It's a race to the finish. Are you in the 50 meter or 100 meter dash? Or are you in a 10-20 mile long triathlon with the race changing every few miles? It all depends on where you have your mind set as to what "success" is. Do you finish an album, share with a few people and have a lot of congratulations? Make $20 on iTunes or CD Baby and hope the music changed at least one person's life? Or maybe you want to live like a rock star? Everybody has their own vision of success and each has their own road to it.
If you go onto CD Baby, the average album sales for an artist/group is $340. Now that number is off a lot depending on how much work you're willing to put in. If you only wanted to make an album that the world has a chance to hear, than your job is done. You made $20 and can now eat Chipotle for a few days. If you decided to promote it yourself (depending on your talent), you can sell near the average of $340. Now if you put the album out, do some shows, promote, and build a fan base this is where the numbers push the average. You may sell over $5,000 (CD Baby had around 50 people sell over $10,000) and you become a mini rock star and you can not only eat Chipotle for all 7 days of the week, but pay rent for a few months.

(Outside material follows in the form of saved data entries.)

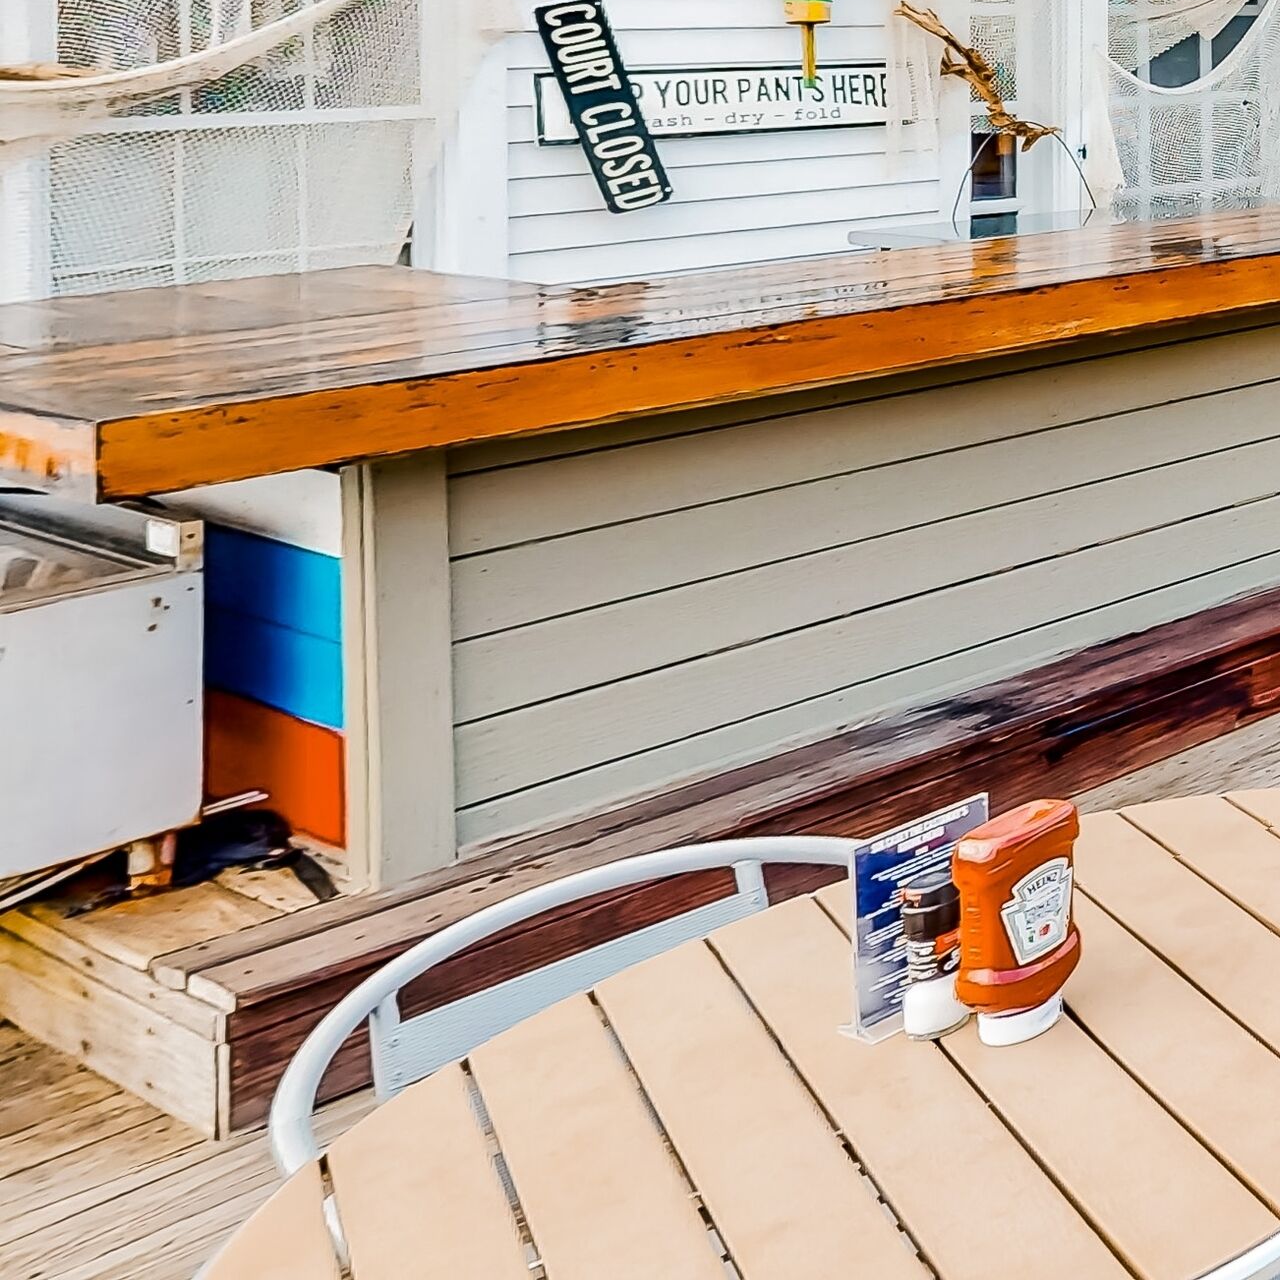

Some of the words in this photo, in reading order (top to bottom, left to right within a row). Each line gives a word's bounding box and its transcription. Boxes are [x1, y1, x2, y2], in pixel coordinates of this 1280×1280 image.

[544, 2, 622, 95] COURT
[654, 78, 729, 108] YOUR
[738, 74, 825, 104] PANTS
[652, 114, 693, 129] ash
[725, 109, 766, 127] dry
[794, 106, 842, 121] fold
[580, 101, 666, 212] CLOSED
[1026, 871, 1059, 896] HEINZ
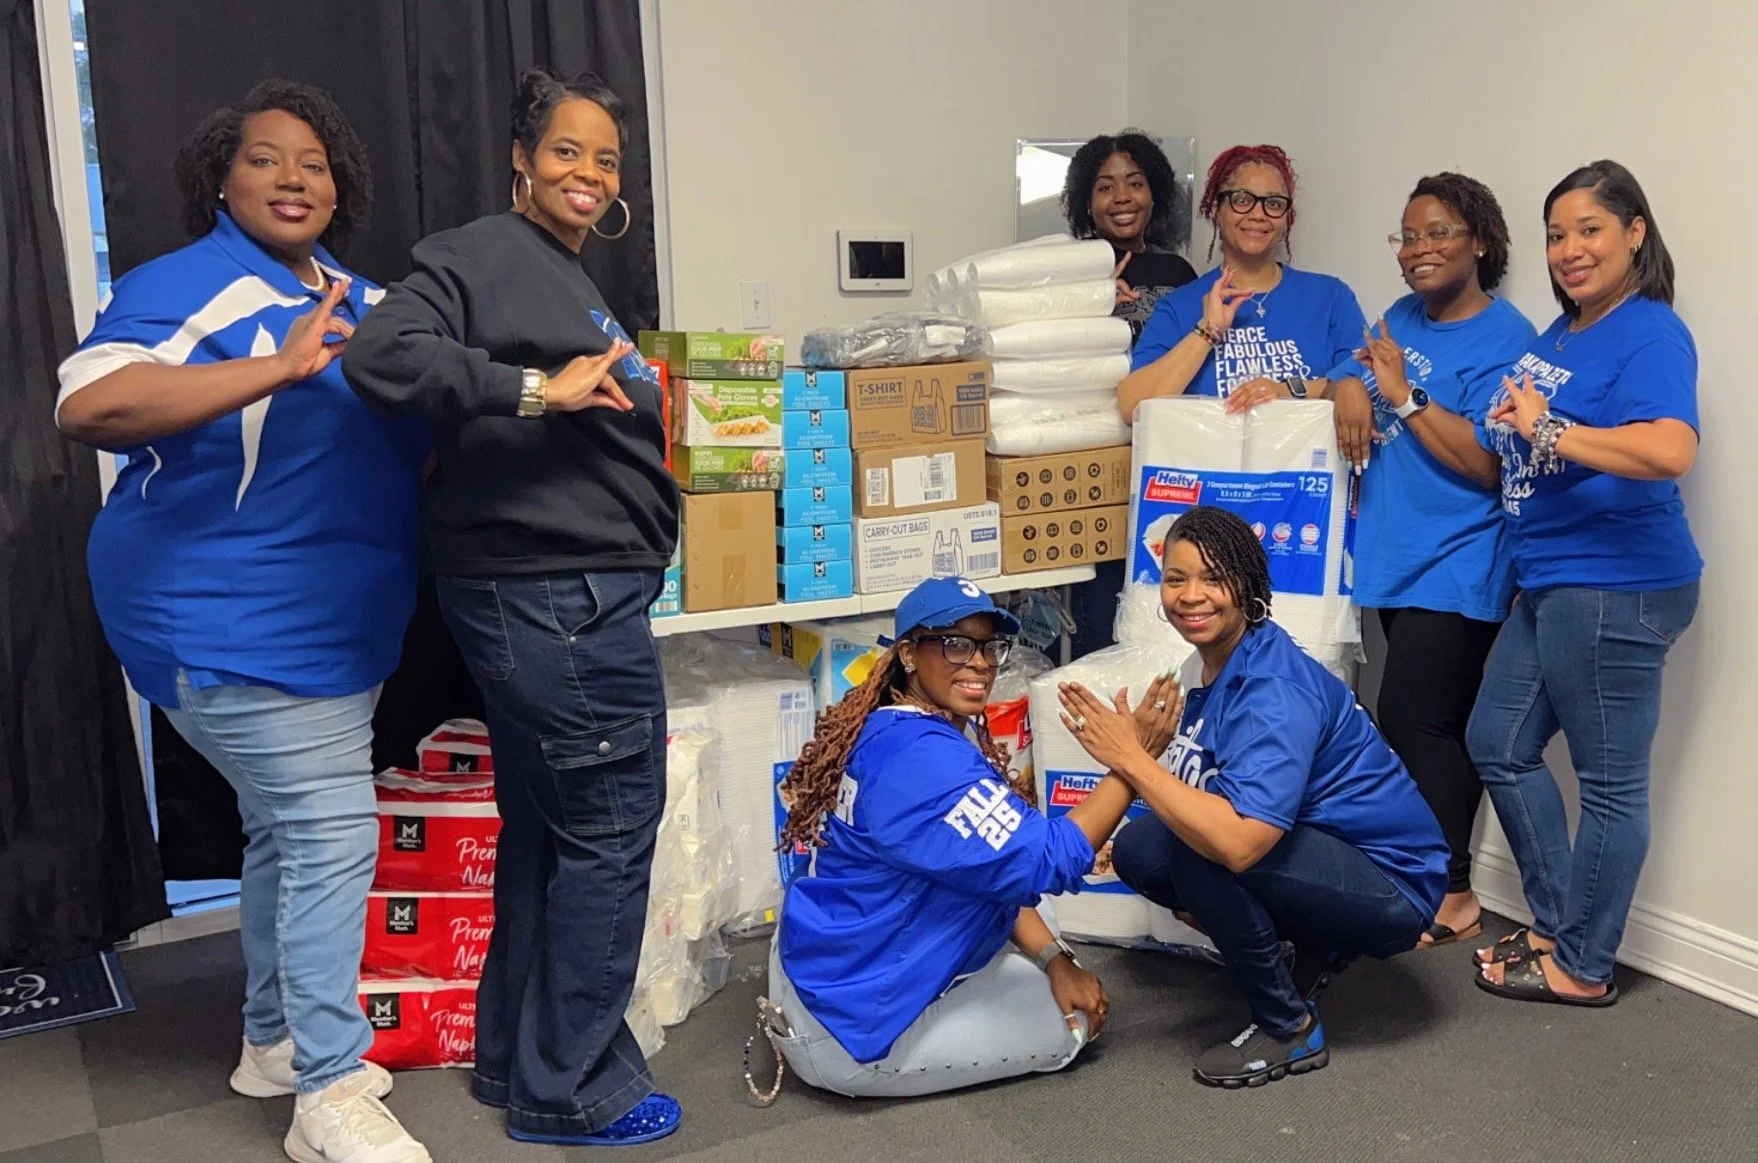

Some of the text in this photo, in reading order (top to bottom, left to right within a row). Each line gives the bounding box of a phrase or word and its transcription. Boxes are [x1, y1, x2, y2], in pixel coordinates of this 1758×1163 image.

[1222, 327, 1268, 344] IERCE
[1214, 340, 1299, 360] FABULOUS
[1215, 353, 1304, 379] FLAWLESS
[718, 386, 757, 394] Disposable
[857, 382, 903, 395] T-SHIRT
[1157, 471, 1195, 489] Hefty
[1298, 476, 1328, 492] 125
[1151, 488, 1195, 500] SUPREME
[866, 521, 928, 538] CARRY-OUT BAGS
[944, 778, 1009, 840] FALL
[402, 823, 418, 838] M
[978, 799, 1023, 852] 25
[394, 905, 411, 920] M
[449, 917, 494, 944] Prem
[375, 1000, 392, 1016] M
[431, 1010, 476, 1033] Prem
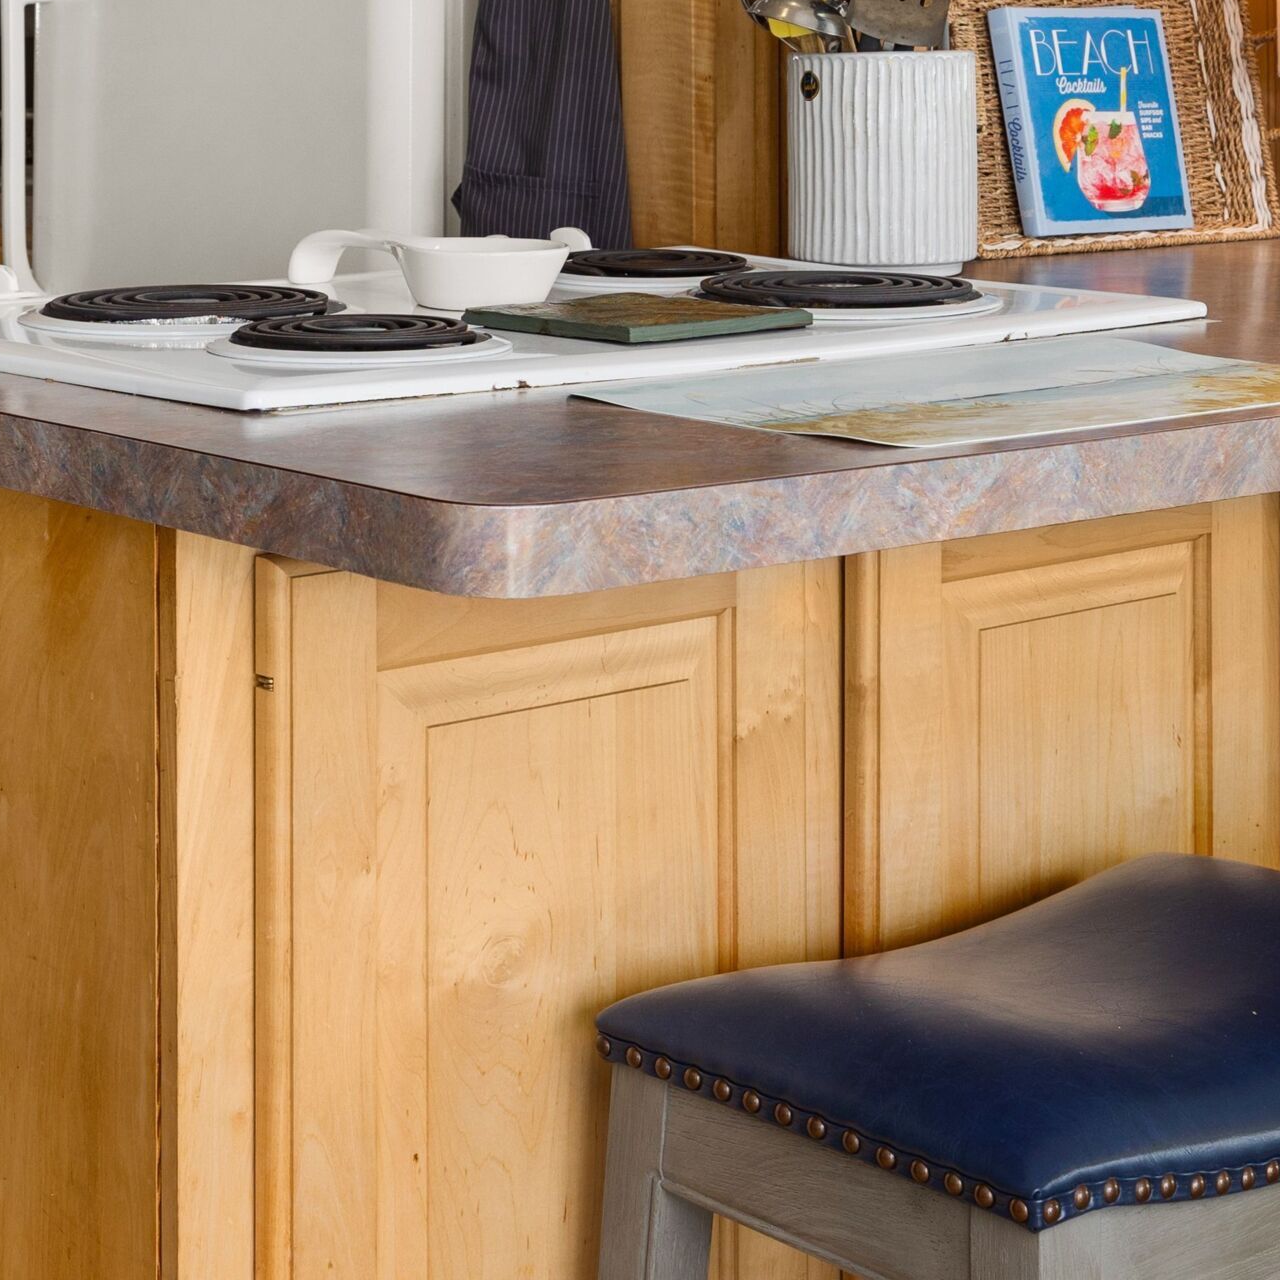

Success is defined by Webster as "a favorable or desired outcome". So it all depends on what you want to do. Music is not a career for everybody, so getting recognition is not always top priority. If it is your career then recognition is of the utmost importance, because how else would you be able to survive? Even if you want to work in the background of things (i.e. studio musician), recognition is still important to be able to show that you are willing to help people out.
So putting into consideration your definition of success, how much work are you willing to put in?